[Recorded data]
++++
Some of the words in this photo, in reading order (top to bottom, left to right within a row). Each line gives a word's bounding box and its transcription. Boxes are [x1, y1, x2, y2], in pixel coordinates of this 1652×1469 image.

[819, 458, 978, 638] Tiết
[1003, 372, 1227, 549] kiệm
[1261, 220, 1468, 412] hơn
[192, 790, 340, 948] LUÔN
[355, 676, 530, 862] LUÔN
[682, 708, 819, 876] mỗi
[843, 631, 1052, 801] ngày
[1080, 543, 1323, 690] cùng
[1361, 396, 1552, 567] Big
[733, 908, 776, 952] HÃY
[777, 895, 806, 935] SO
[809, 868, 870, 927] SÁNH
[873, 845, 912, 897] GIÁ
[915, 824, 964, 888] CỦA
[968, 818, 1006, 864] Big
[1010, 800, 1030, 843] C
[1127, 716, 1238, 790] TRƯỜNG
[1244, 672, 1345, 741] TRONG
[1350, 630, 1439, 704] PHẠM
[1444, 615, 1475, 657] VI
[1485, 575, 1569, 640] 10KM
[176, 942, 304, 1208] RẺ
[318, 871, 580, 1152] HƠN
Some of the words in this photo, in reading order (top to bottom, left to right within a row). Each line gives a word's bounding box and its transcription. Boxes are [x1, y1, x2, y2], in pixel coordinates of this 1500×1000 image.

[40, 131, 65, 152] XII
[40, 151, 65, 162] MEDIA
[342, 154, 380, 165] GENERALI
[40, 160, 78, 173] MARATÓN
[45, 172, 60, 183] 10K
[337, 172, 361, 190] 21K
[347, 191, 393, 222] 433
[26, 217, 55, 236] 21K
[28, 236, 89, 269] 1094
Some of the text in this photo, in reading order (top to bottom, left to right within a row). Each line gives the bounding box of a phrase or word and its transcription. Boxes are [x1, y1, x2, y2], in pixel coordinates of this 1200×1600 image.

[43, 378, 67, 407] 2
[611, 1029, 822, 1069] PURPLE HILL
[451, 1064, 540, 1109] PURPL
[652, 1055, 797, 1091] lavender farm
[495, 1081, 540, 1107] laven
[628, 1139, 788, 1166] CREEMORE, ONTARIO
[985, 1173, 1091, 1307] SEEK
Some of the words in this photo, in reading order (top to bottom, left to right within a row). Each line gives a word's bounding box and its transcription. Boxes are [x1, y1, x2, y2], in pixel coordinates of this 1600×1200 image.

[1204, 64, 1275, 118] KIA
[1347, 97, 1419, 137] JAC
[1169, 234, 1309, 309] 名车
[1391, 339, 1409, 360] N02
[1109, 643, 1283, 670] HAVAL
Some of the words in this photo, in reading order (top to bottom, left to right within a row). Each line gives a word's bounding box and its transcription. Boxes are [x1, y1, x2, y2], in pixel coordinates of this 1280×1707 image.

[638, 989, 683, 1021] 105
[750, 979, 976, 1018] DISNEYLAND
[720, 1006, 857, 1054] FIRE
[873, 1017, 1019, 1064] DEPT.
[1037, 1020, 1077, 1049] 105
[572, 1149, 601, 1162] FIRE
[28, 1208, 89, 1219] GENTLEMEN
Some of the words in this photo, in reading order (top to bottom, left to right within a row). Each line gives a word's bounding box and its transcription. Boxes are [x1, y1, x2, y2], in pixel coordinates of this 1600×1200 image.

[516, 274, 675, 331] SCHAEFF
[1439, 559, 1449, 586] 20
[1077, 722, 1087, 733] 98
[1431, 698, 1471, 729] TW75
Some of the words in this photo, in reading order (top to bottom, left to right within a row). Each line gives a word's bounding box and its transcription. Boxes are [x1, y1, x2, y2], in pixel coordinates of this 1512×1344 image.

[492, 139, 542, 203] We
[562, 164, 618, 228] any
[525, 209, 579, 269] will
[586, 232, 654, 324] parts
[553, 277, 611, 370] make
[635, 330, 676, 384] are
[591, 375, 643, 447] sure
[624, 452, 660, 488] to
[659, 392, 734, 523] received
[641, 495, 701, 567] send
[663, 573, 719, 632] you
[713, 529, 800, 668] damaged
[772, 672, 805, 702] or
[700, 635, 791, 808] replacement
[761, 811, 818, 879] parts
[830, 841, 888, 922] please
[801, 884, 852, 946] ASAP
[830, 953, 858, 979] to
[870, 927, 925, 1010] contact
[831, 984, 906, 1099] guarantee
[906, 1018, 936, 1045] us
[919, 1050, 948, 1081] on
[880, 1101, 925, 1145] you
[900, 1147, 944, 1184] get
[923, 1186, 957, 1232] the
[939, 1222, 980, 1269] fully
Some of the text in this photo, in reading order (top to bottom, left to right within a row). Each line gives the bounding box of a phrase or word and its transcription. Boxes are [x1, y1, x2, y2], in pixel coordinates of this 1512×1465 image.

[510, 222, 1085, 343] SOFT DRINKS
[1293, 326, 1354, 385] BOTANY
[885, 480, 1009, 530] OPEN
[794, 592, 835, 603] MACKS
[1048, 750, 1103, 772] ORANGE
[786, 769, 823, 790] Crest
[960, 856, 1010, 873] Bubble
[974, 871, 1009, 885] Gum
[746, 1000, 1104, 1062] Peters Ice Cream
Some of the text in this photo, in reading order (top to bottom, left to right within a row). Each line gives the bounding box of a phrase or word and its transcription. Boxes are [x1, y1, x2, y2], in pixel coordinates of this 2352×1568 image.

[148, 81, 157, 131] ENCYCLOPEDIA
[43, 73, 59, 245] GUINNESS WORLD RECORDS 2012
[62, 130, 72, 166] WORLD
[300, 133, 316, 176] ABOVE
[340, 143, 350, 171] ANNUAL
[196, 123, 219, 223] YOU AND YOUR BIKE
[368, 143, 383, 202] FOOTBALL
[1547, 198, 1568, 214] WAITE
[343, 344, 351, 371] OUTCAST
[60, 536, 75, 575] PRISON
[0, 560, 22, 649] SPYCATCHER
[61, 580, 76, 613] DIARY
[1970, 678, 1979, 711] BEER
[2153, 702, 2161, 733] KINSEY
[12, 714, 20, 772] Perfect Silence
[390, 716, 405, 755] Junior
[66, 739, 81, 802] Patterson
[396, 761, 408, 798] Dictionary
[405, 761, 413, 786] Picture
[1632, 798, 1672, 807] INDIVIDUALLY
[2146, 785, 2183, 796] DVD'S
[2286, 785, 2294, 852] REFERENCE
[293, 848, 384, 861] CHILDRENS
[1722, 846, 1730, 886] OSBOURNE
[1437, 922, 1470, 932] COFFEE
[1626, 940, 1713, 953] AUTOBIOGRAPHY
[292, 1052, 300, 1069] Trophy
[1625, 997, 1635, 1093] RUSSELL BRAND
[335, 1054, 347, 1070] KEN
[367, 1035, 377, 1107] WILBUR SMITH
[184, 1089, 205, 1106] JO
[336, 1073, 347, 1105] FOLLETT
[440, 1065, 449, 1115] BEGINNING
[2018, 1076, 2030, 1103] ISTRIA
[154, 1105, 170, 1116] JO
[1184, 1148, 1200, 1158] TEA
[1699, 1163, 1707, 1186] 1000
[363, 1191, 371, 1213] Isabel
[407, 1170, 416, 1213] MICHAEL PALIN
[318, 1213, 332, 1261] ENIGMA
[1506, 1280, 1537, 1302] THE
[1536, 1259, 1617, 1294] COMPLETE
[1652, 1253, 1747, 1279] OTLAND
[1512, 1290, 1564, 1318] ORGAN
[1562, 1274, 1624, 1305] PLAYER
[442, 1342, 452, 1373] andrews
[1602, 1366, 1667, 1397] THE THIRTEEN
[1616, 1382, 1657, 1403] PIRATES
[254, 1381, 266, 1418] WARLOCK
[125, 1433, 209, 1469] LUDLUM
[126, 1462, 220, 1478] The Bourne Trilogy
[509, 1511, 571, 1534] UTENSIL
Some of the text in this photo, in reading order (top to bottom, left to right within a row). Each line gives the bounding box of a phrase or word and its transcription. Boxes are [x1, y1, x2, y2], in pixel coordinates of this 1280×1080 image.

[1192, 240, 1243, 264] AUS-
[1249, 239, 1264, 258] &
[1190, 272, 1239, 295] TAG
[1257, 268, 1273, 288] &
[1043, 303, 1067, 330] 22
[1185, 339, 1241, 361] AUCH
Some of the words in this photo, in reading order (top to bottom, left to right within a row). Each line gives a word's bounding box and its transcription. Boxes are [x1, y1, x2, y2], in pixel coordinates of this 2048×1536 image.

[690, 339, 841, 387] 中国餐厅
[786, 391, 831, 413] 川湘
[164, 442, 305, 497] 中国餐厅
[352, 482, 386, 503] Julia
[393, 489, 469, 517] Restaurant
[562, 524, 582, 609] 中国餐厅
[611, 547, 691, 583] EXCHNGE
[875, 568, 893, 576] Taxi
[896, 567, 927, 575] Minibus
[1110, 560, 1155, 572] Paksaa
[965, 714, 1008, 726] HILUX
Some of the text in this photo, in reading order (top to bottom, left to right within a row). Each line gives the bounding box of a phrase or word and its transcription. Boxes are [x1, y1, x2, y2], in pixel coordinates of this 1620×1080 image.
++++
• WHAT YOU SHOULD DO:
Every line from the one containing "this 2048×1536 image." through the last line of the entries above must be output exactly. Leave the rest out.

• ANSWER BELOW:
Some of the words in this photo, in reading order (top to bottom, left to right within a row). Each line gives a word's bounding box and its transcription. Boxes are [x1, y1, x2, y2], in pixel coordinates of this 2048×1536 image.

[690, 339, 841, 387] 中国餐厅
[786, 391, 831, 413] 川湘
[164, 442, 305, 497] 中国餐厅
[352, 482, 386, 503] Julia
[393, 489, 469, 517] Restaurant
[562, 524, 582, 609] 中国餐厅
[611, 547, 691, 583] EXCHNGE
[875, 568, 893, 576] Taxi
[896, 567, 927, 575] Minibus
[1110, 560, 1155, 572] Paksaa
[965, 714, 1008, 726] HILUX
Some of the text in this photo, in reading order (top to bottom, left to right within a row). Each line gives the bounding box of a phrase or word and its transcription. Boxes are [x1, y1, x2, y2], in pixel coordinates of this 1620×1080 image.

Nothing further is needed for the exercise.